Hierarchie: Regional > HRR > Historische deutsche Staaten > Lebensumstände > Wirtschaft > Handwerk > Dachdecker
Einleitung
Berufe, wie wir sie heute vorfinden, sind soziale Konstruktionen und keinesfalls das Ergebnis technischer oder ökonomischer Zwangsläufigkeiten. Dachdecken war zunächst kein auf Dauer angelegter Beruf, sondern wurde nur bei Bedarf ausgeübt. Dächer wurden seit Jahrtausenden mit naturnahen, regionalen Rohstoffen wie Holz, Stroh, Steinen oder Schiefer gedeckt, die heimischen Rohstoffe dominierten ganze Dachlandschaften.
Bezeichnungen
- Tegularius (lat.) = Bedeutung: Ziegelmacher, Dachdecker . Cellator (lat.),Coopertor (lat.) = Bedeutung: Dachdecker.
Schieferdeckung
Vorgefundener plattenförmiger Schiefer wurde vereinzelt bereits von heimische Arbeitskräften im Dienste der Römer in Deutschland verwendet (römisches Kastell Saalburg/ Taunus, 90 n.Chr.). Erst seit dem 13.Jhdt. wurde vor allem in West- und Mitteldeutschland wiederum mit Schiefer gedeckt. Während die in Nord- und Mitteldeutschland übliche „französische“ Deckmethode - ähnlich der Ziegeldeckerei - nur geringe Anforderungen an die Handwerker stellte, war die „deutsche“ Deckmethode (mit rheinischem Schiefer) aufwändiger, da das Dach nicht mit einerlei gleichgroßen und gleichgeformten Platten gedeckt wurde.

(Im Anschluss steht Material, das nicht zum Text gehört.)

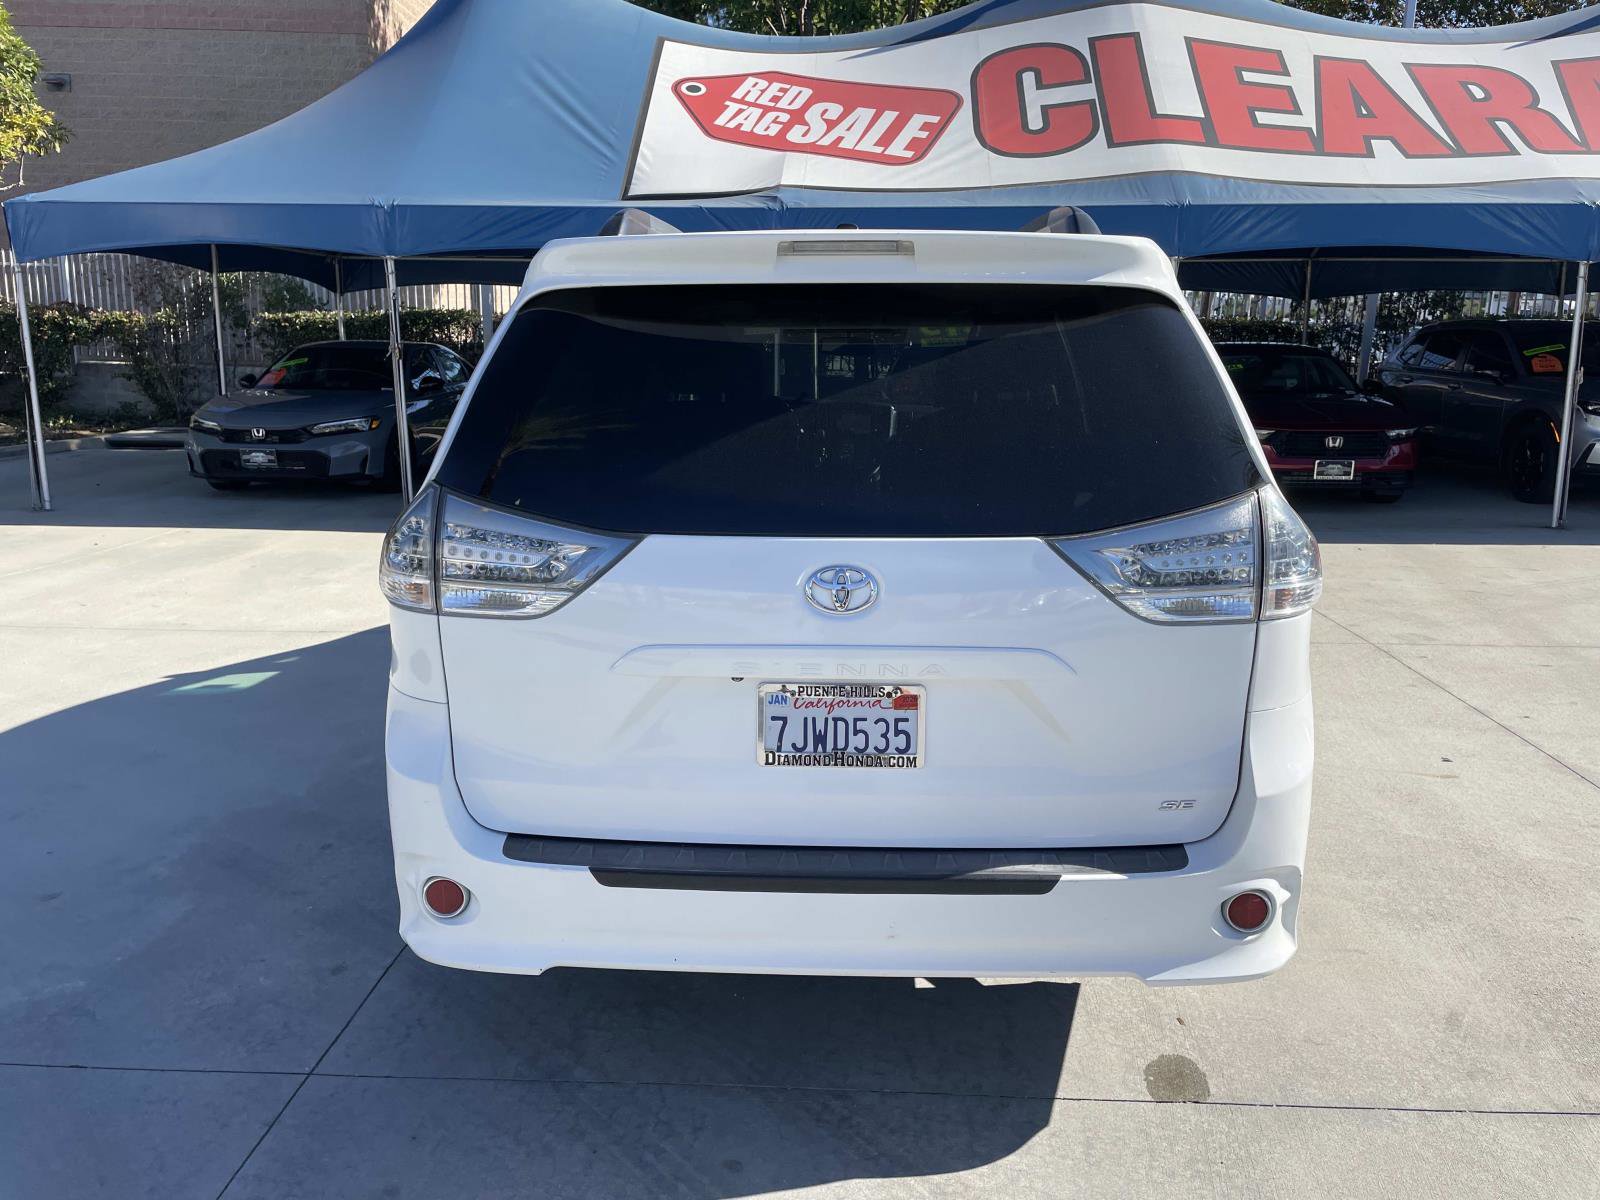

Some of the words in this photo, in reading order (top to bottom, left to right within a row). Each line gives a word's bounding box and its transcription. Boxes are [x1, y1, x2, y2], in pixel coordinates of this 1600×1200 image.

[730, 76, 813, 111] RED
[713, 100, 791, 137] TAG
[785, 102, 941, 158] SALE
[732, 660, 946, 677] SENNA
[768, 694, 788, 705] JAN
[797, 685, 845, 697] PUENTE
[851, 686, 886, 698] HILLS
[793, 697, 883, 715] California
[770, 715, 912, 754] 7JWD535
[1158, 800, 1196, 811] SE

Ziegeldecken mit Mönch und Nonne
Die Römer verbreiteten jedoch auch vor allem in Süddeutschland die Technik des gebrannten Tondachziegels. Bis in das 15. Jhdt. fanden beim Dachdecken hauptsächlich Hohlziegel Verwendung, die als „Mönch und Nonne“ gedeckt wurden, und die dann in der zweiten Hälfte des 15. Jhdts von den leichteren und in der Verarbeitung billigeren Flachziegeln verdrängt wurden. So blieben regional die Ziegler und Ziegeldecker gegenüber den Schieferdeckern (Stein- und Layendecker) unbedeutend.
Docken
Zur Abdichtung der mit Tonziegeln gedeckten Dachböden wurden Strohdocken oder Schöpfen aus Stroh eingesetzt und unter die Tonziegeln auf die Dachlatten gebunden oder gelegt. So konnten die Dächer über Böden oder Scheunen gegen Flugschnee, Regen und Wind besser gedichtet werden. Diese Docken oder Schöpfen wurden wegen ihrer Felexibilität auch in Fachwerkkonstruktionen eingesetzt und bestanden aus geknickten und abgebundene Strohbüscheln von etwa 40 cm Länge 4 cm Durchmesser. sie besaßen eine hohen Brandgefahr besonders bei Fubkenflug.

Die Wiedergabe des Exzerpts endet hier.